Stability and fairness in the job scheduling problem
Eric Bahel () and
Christian Trudeau ()
No 1803, Working Papers from University of Windsor, Department of Economics
The job scheduling problem is a classic operational research problem in which agents have jobs to be executed by machines in given time slots, with each machine being able to process only one job at a time. We study this problem using cooperative game theory, focusing on how to divide the minimum cost (of executing all jobs) between the agents. First, we characterize the set of stable allocations, which all charge only users whose jobs are executed in peak-demand time periods. Second, using properties designed to avoid strategic mergers or splits of the jobs, we offer axiomatizations for two remarkable stable allocation rules.
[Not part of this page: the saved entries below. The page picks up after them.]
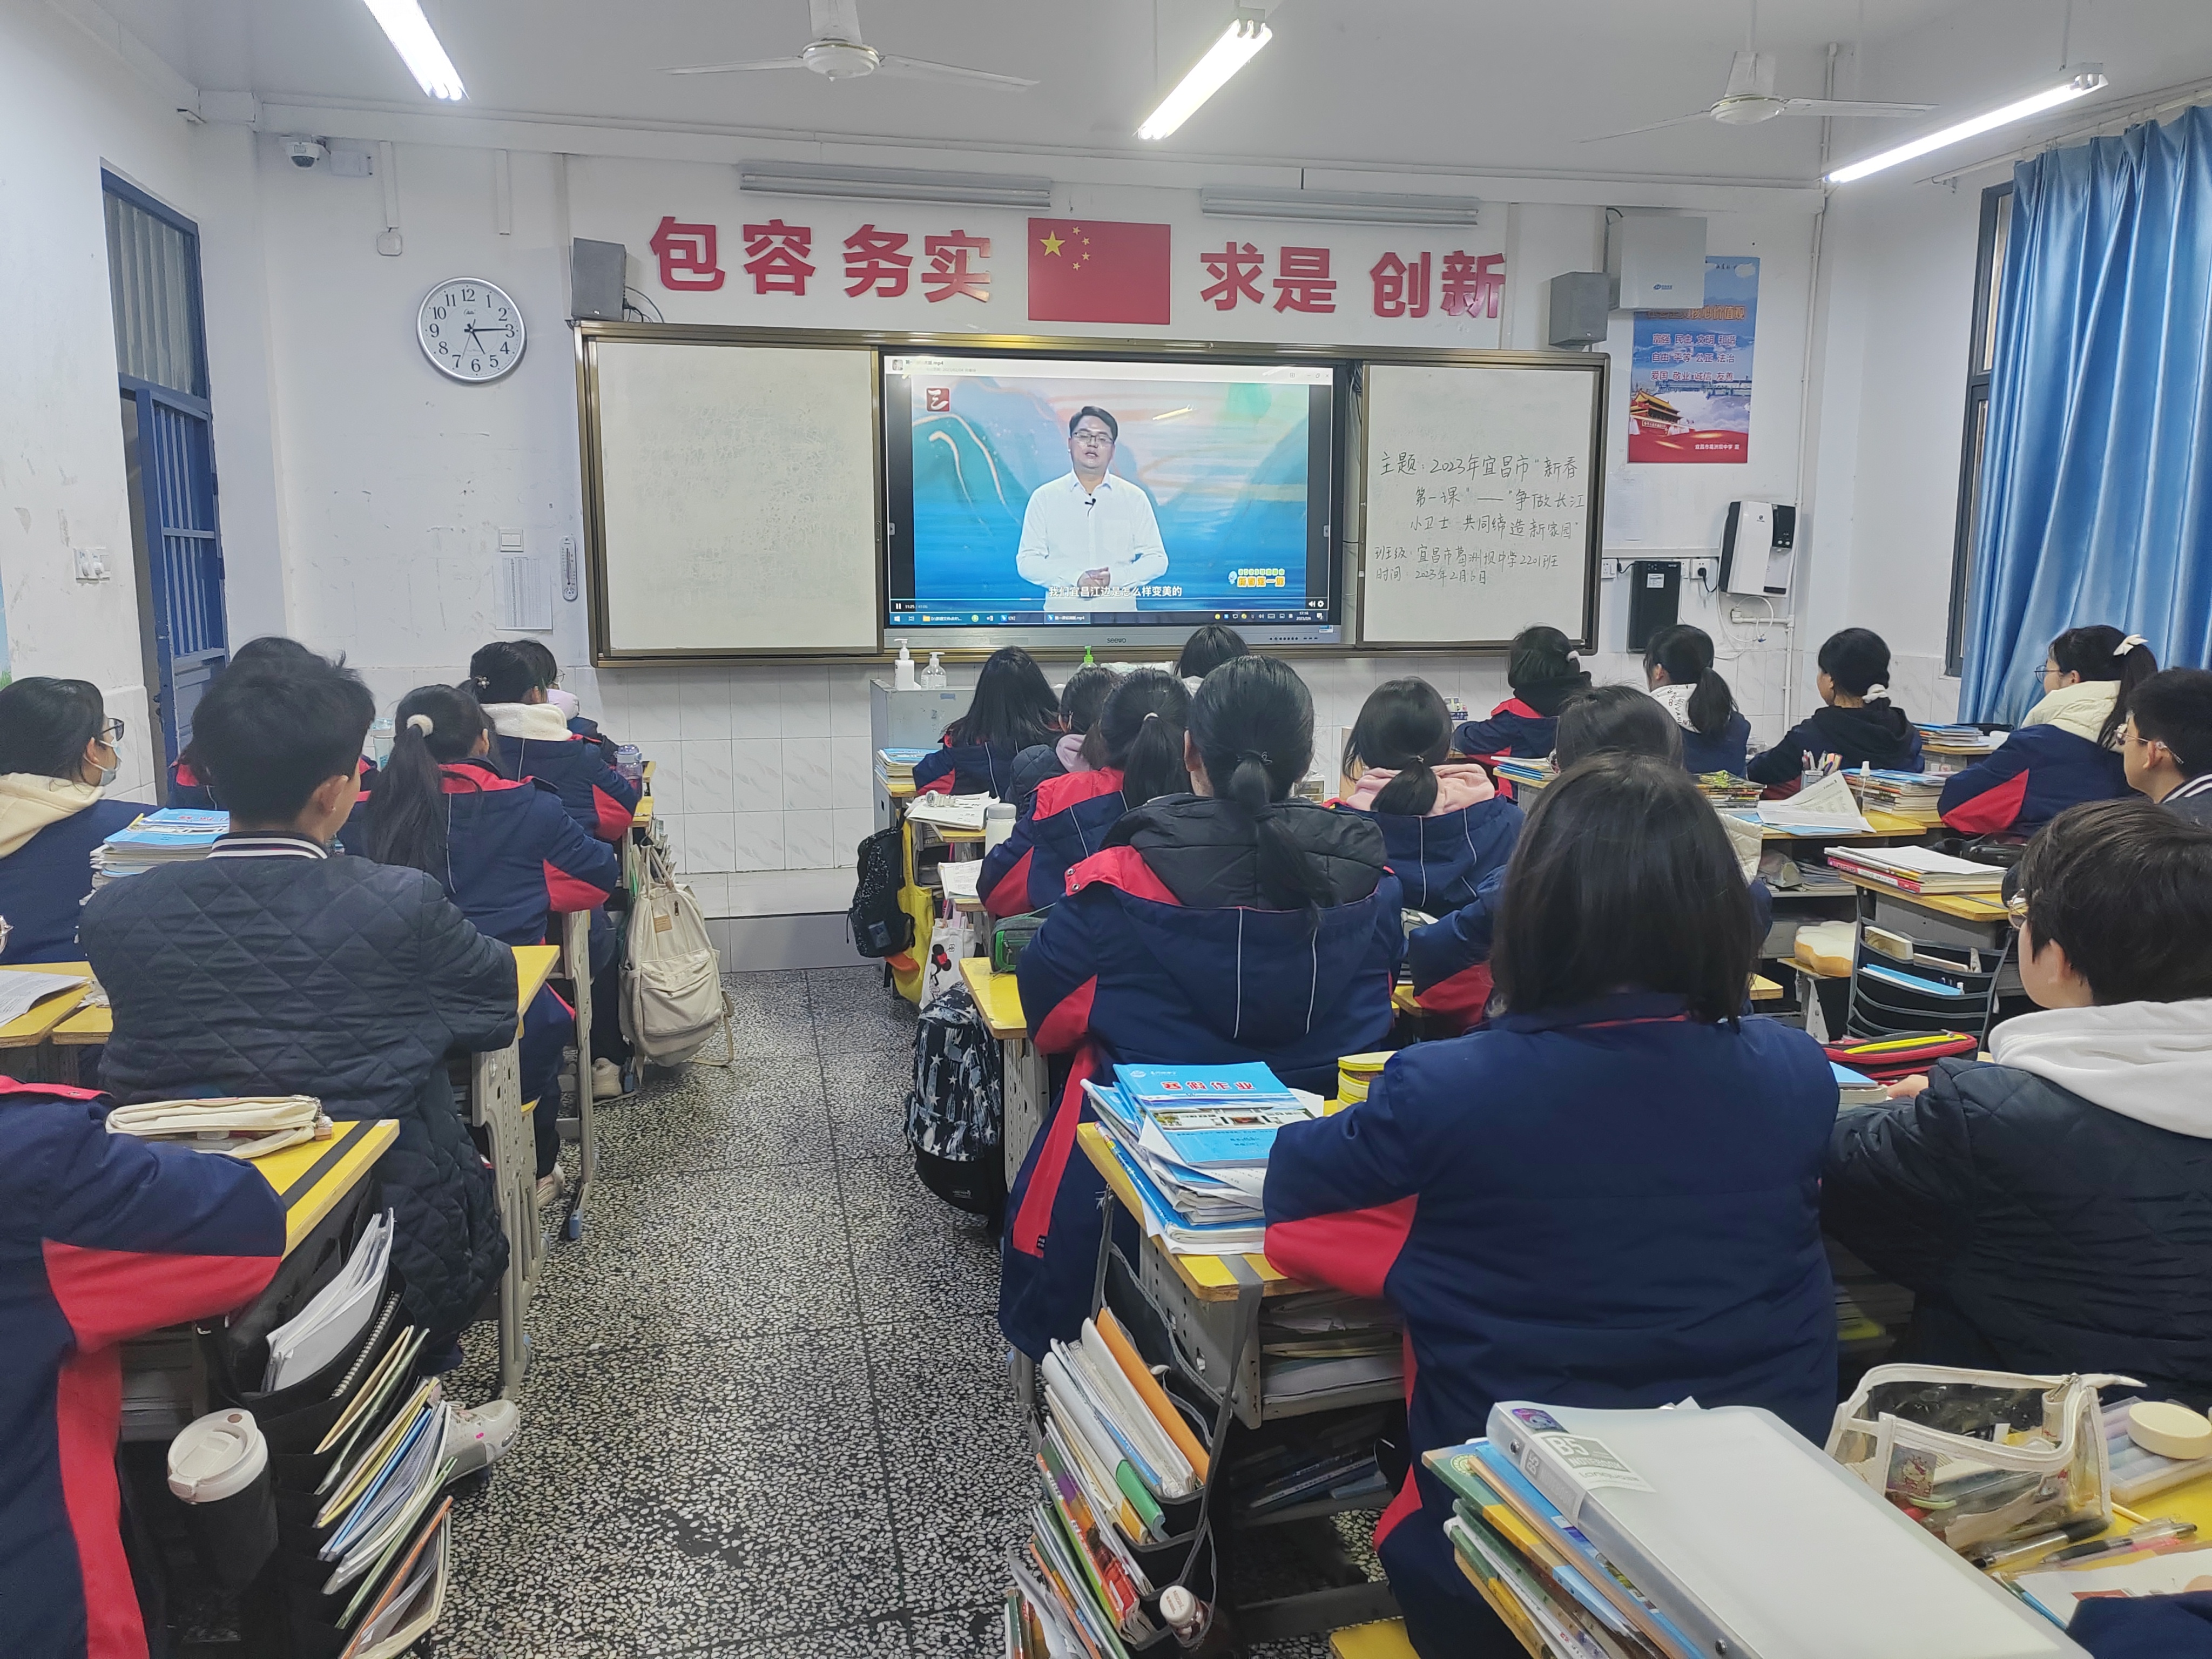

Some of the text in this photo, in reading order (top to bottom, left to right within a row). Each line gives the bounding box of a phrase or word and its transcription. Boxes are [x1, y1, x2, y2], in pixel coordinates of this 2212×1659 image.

[650, 216, 991, 303] 包容 务实
[1200, 241, 1506, 319] 求是 创新
[446, 294, 456, 307] 11
[461, 288, 475, 301] 12
[486, 294, 491, 308] 1
[433, 306, 447, 320] 10
[498, 307, 508, 321] 2
[429, 323, 440, 338] 9
[505, 323, 515, 338] 3
[1653, 334, 1736, 346] 富强 民主 文明 和谐
[439, 341, 448, 354] 8
[500, 341, 510, 354] 4
[452, 355, 461, 368] 7
[490, 355, 498, 368] 5
[1652, 353, 1735, 363] 自由 平等 公正 法治
[471, 359, 481, 372] 6
[1651, 371, 1734, 381] 爱国 敬业 诚信 友善
[1049, 585, 1182, 597] 我们宜昌江边是怎么样变美的
[1547, 1436, 1589, 1456] B5
[1568, 1458, 1627, 1471] NOTEBOOK
Third, observing that all stable rules fail Unanimity Lower Bound (ULB), a property requiring that everybody pay an equal share of the first machine (since it is needed by all), we study and axiomatize the Shapley value, which satisfies ULB. A compromise is then proposed between Stability and ULB.
Keywords: game theory; cost sharing; job scheduling; stability; unanimity lower bound; Shapley value. (search for similar items in EconPapers)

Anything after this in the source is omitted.